Select

From OSDev Wiki
Jump to navigation Jump to search

In many cases, applications will want to communicate with other processes on many file descriptors at once, waiting for messages from many peers (these descriptors can be many things such as pipes, sockets or terminal input). This is typically the case of server software, but many applications that handle complex interactions end up having to work this way. A first solution to do this is to use one thread per communication channel, and let all the threads communicate via shared memory.

Another solution is provided in most unix implementations : the select system call. This system call allows a single thread to wait on multiple file descriptors for one to become ready for reading/writing. Therefore the core of a server program becomes a single thread that selects a peer to communicate with, reads its message, processes it, and loops around.

Advantages & inconvenients

There are several advantages to this method, in particular the fact that you don't need to allocate as many threads as you have clients, and the fact that the synchronization becomes much simpler (it actually is the kernel that does the synchronization, not the process).

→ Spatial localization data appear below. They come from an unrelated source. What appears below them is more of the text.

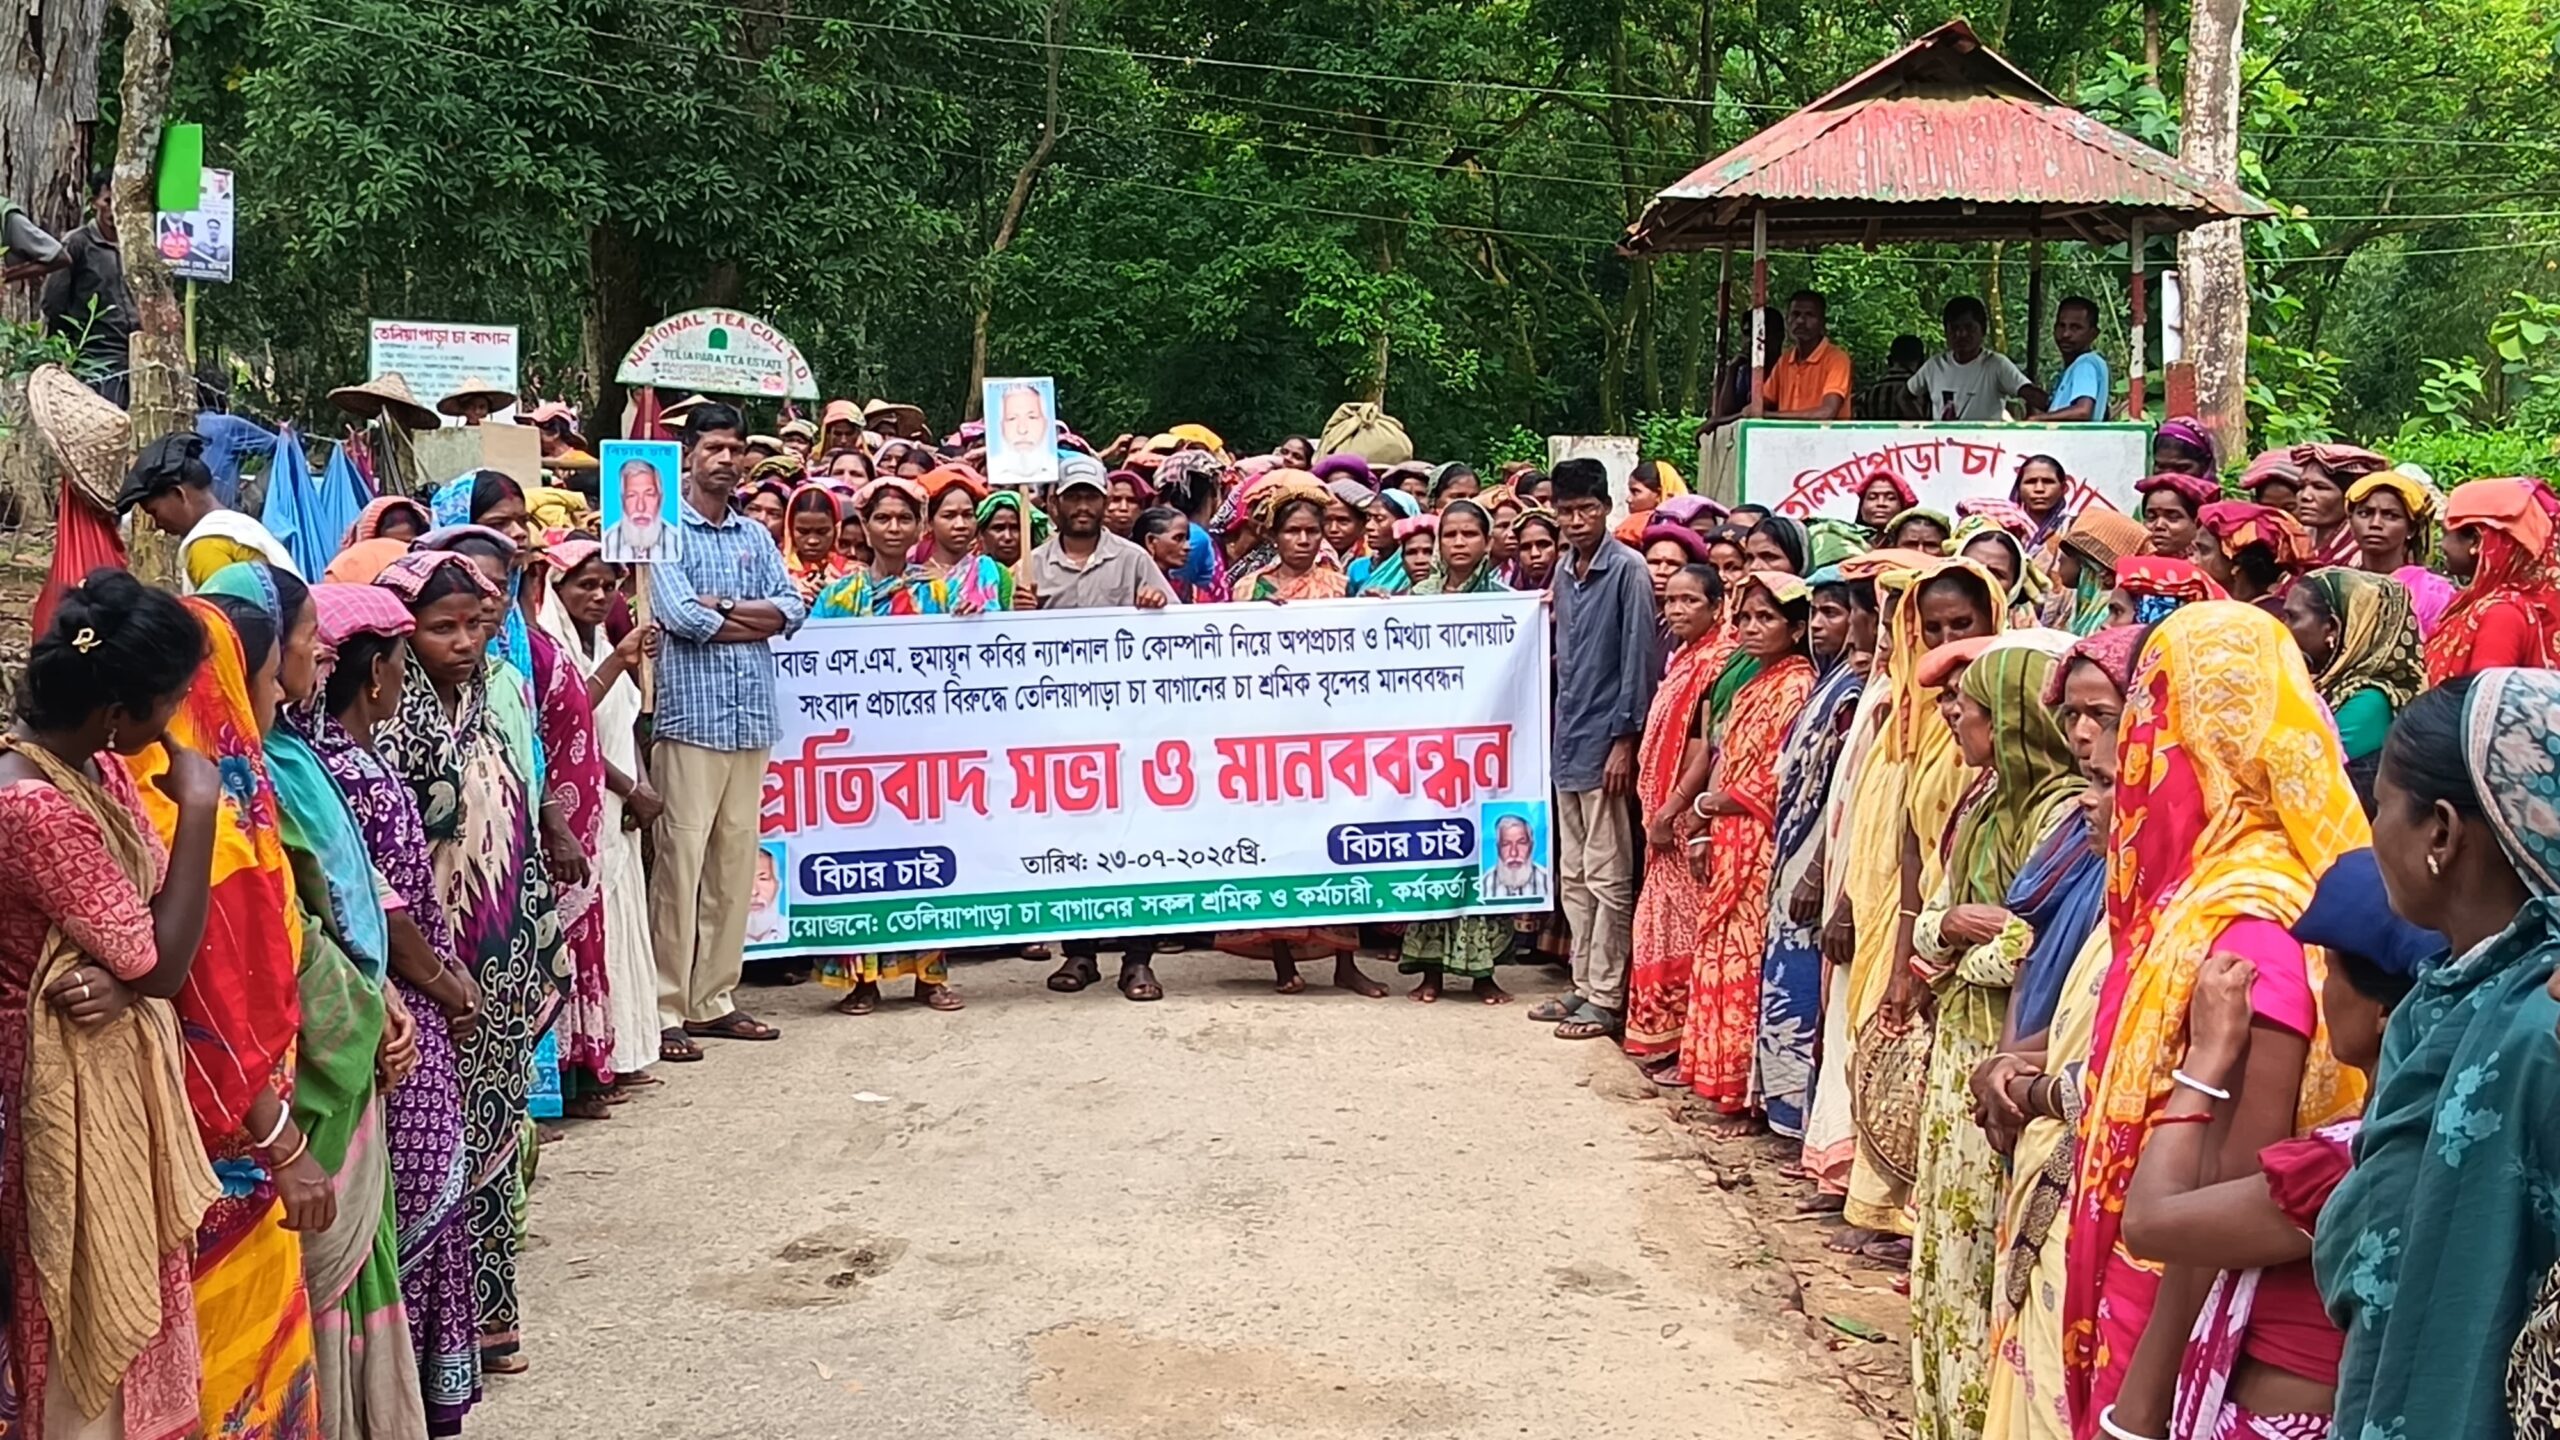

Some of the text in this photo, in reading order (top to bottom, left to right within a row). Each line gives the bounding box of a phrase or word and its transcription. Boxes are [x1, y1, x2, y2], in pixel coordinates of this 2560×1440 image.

[628, 314, 705, 367] NATIONAL
[712, 312, 745, 329] TEA
[1946, 436, 2006, 478] চা
[908, 644, 972, 679] হুমায়ূন
[977, 633, 1026, 669] কবির
[1032, 638, 1108, 667] ন্যাশনাল
[1114, 628, 1135, 662] টি
[1142, 623, 1224, 661] কোম্পানী
[1229, 623, 1272, 658] নিয়ে
[1277, 628, 1355, 655] অপপ্রচার
[1362, 627, 1378, 650] ও
[1384, 617, 1431, 651] মিথ্যা
[1437, 614, 1517, 648] বানোয়াট
[798, 664, 1464, 722] সংবাদ প্রচারের বিরুদ্ধে তেলিয়াপাড়া চা বাগানের চা শ্রমিক বৃন্দের মানববন্ধন
[759, 723, 1513, 834] প্রতিবাদ সভা ও মানববন্ধন
[1338, 821, 1466, 862] বিচার চাই
[811, 850, 945, 892] বিচার চাই
[886, 902, 1013, 933] তেলিয়াপাড়া
[1017, 901, 1042, 925] চা
[1047, 897, 1134, 923] বাগানের
[1139, 893, 1196, 916] সকল
[1201, 883, 1263, 914] শ্রমিক
[1269, 889, 1288, 908] ও
[1388, 871, 1468, 903] কর্মকর্তা
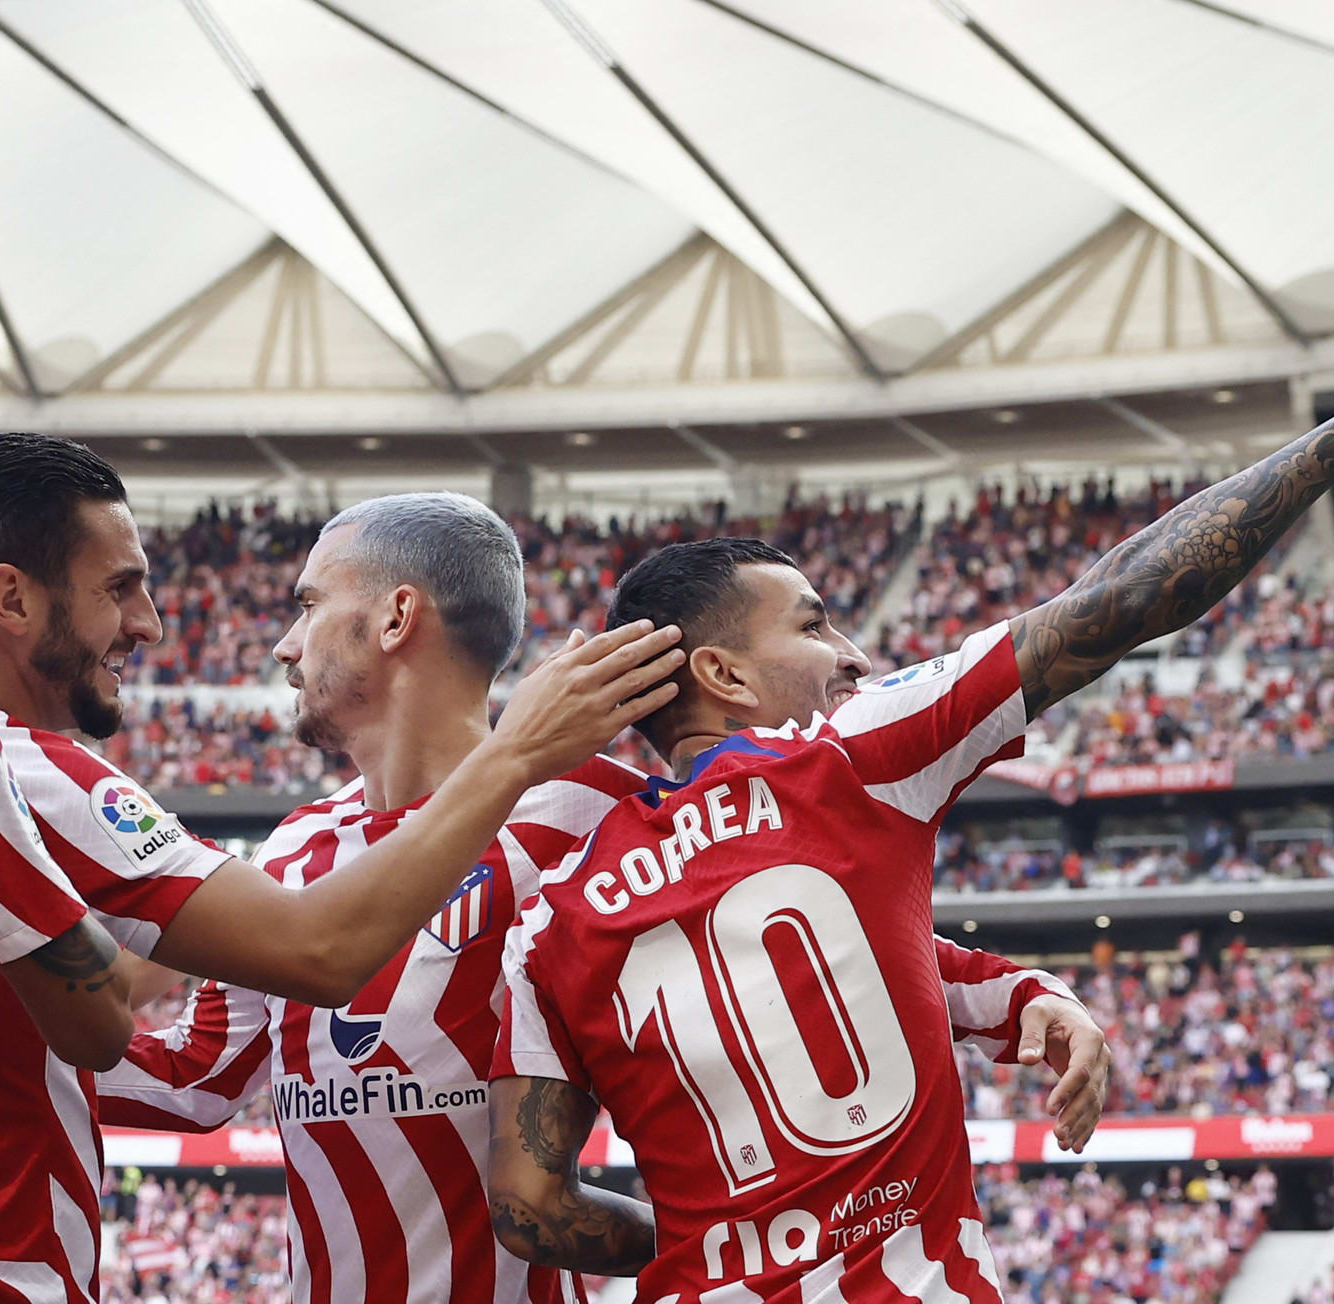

The main inconvenient is that while the server is processing one messages, all the other clients must wait for their request to be processed. An intermediate solution could be designed, where the server software uses a fixed number of threads, for instance one that reads the requests and several that process them.

Implementation

An implementation of the select system call basically does the following :

  1. Look if any of the descriptors is ready for reading/writing
  2. If so, return it
  3. Otherwise, wait on all descriptor objects
  4. When resumed, restart at 1.

This implementation supposes that your kernel has a sort of "wait_on_objects" function that pauses the current thread and waits for a "ready" event on any of the objects (basically the "ready" event for a pipe or a socket happens when the other end has written something and the buffer is no longer empty).

Timeout

On recent unixes the select system calls accept a timeout argument, that causes the select system call to end even if no descriptor is ready once the timeout has passed.